O desconhecido
Por mais que seus pensamentos buscassem uma resposta, não conseguia se lembrar de onde conhecia aquele rosto. Não havia dúvidas de que já o vira antes. Um rosto comum, envelhecido pelo sol, olhos tímidos, nariz másculo, boca entreaberta, deixando à mostra seus dentes alvos.
Olhava insistentemente para ele, a ponto de deixá-lo constrangido pelo inesperado da situação. Sentados frente a frente, era impossível que não se vissem. Naquela hora, o metrô estava vago e eram poucos os passageiros em pé, tornando mais fácil a investigação amadora.
Ela vasculhava no mais recôndito de suas memórias, na esperança de descobrir de onde o conhecia. Todas as tentativas foram em vão.
A cada estação, seu desespero aumentava. Sua estação se aproximava. Se descesse, perderia a chance de encontrar aquele homem outra vez e de descobrir aquilo que a atormentava desde que o vira sentar-se à sua frente.
Sempre tivera memória fotográfica. Mas, aquele homem era uma incógnita. Virou desafio. Virou questão de honra. Transformou-se em obsessão. Precisava descobrir quem ele era. Pensou em não descer na sua estação. Pensou em esperar o homem descer e segui-lo. Sim, segui-lo. Por que não? Sabia que se não desvendasse o mistério não dormiria naquela noite.

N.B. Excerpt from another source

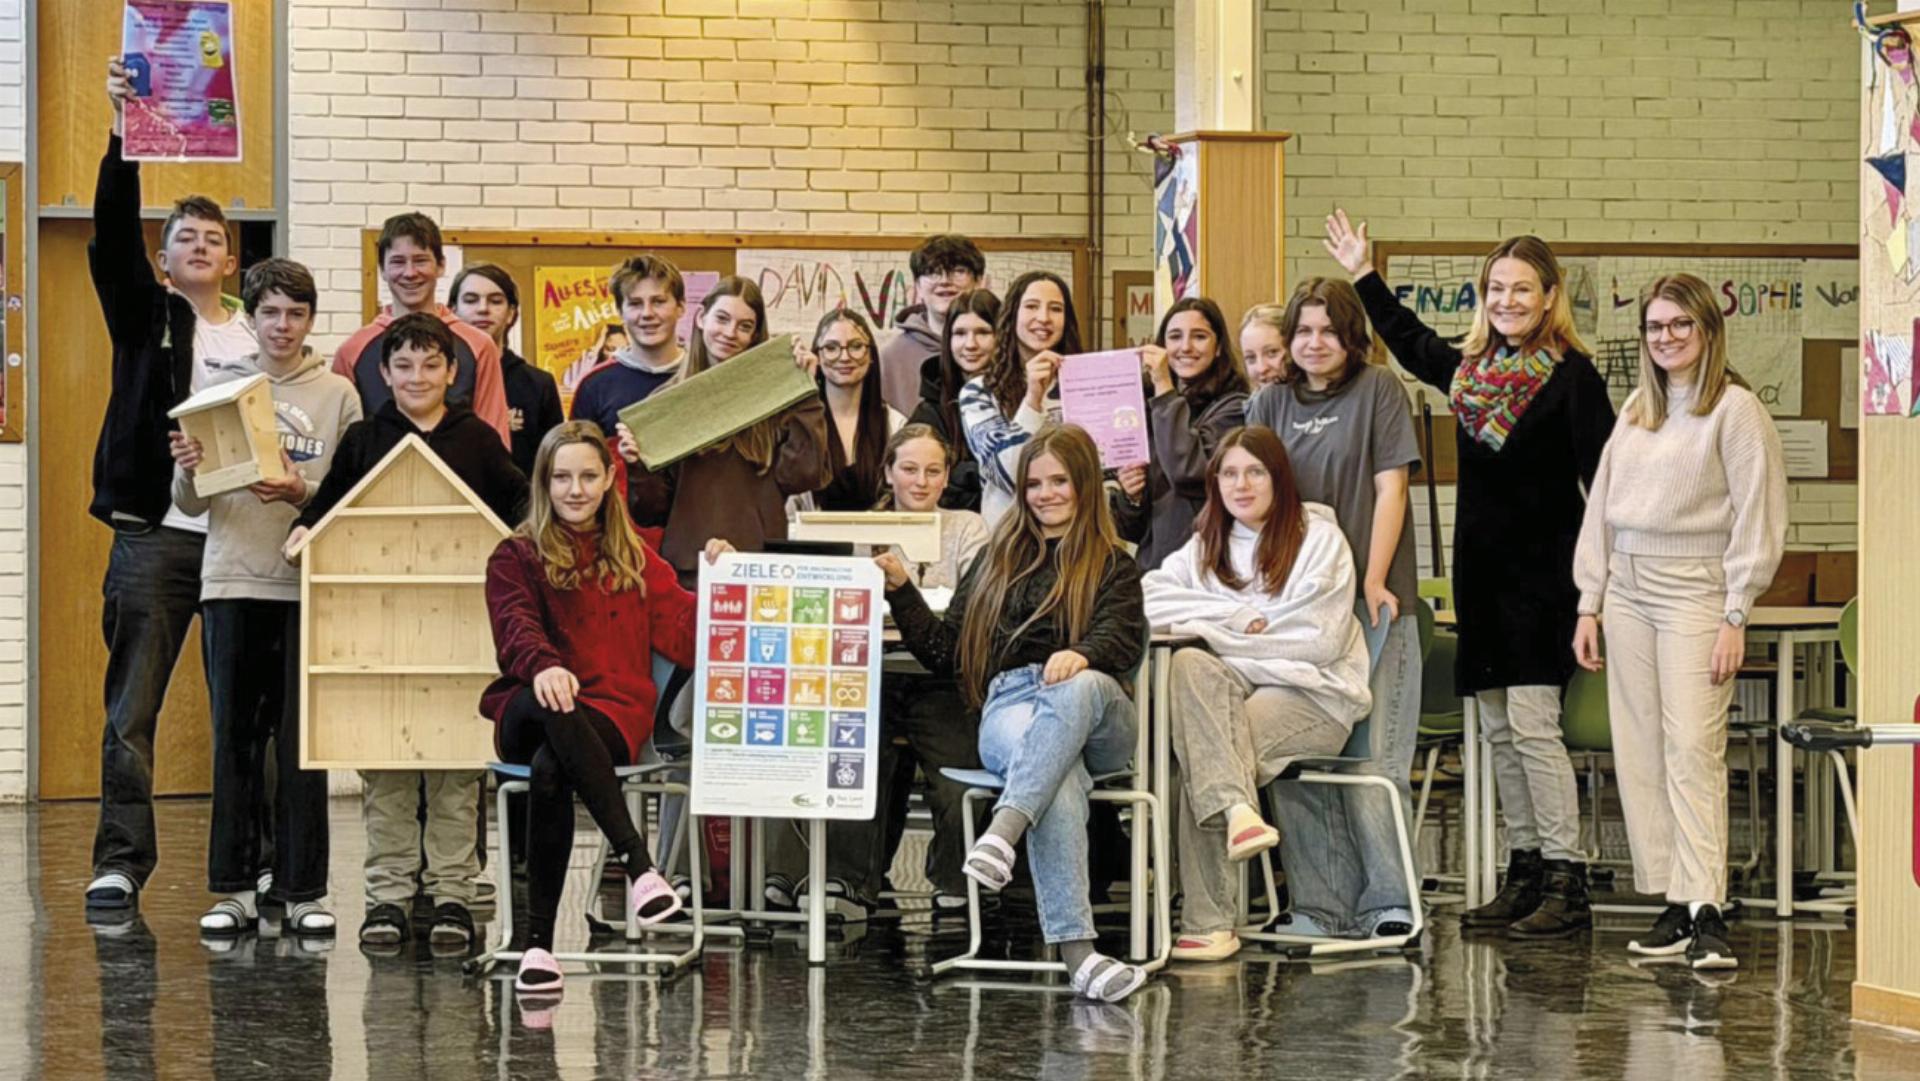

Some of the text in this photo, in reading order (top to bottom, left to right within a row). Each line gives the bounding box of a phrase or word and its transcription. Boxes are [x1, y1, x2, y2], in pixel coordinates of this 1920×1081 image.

Mas, ao mesmo tempo que aquela ideia pairava sobre sua cabeça, a realidade se apresentava. Esperavam-na em casa. Tinha que preparar o jantar. Se se atrasasse, como explicaria? Não sabia mentir. Ia ter que contar a verdade. Como seria ridículo tudo aquilo.

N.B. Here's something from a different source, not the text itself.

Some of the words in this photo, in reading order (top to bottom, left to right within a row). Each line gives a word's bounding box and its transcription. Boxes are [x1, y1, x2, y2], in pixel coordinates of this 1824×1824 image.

Lutando contra o tempo, escavava suas lembranças. Pensava em suas andanças: consultórios médicos, bancos, lojas de roupas, supermercados. Nada.
Sua angústia atingiu o clímax. Sua estação era a próxima. Seus pensamentos de segui-lo se dissiparam. Como um jogador que espera fazer um gol aos 47 do segundo tempo para salvar seu time, a mulher manteve essa esperança de milagre até o último segundo. Quando não era mais possível esperar, levantou-se de seu assento e caminhou em direção à porta com a cabeça baixa e um olhar derrotado.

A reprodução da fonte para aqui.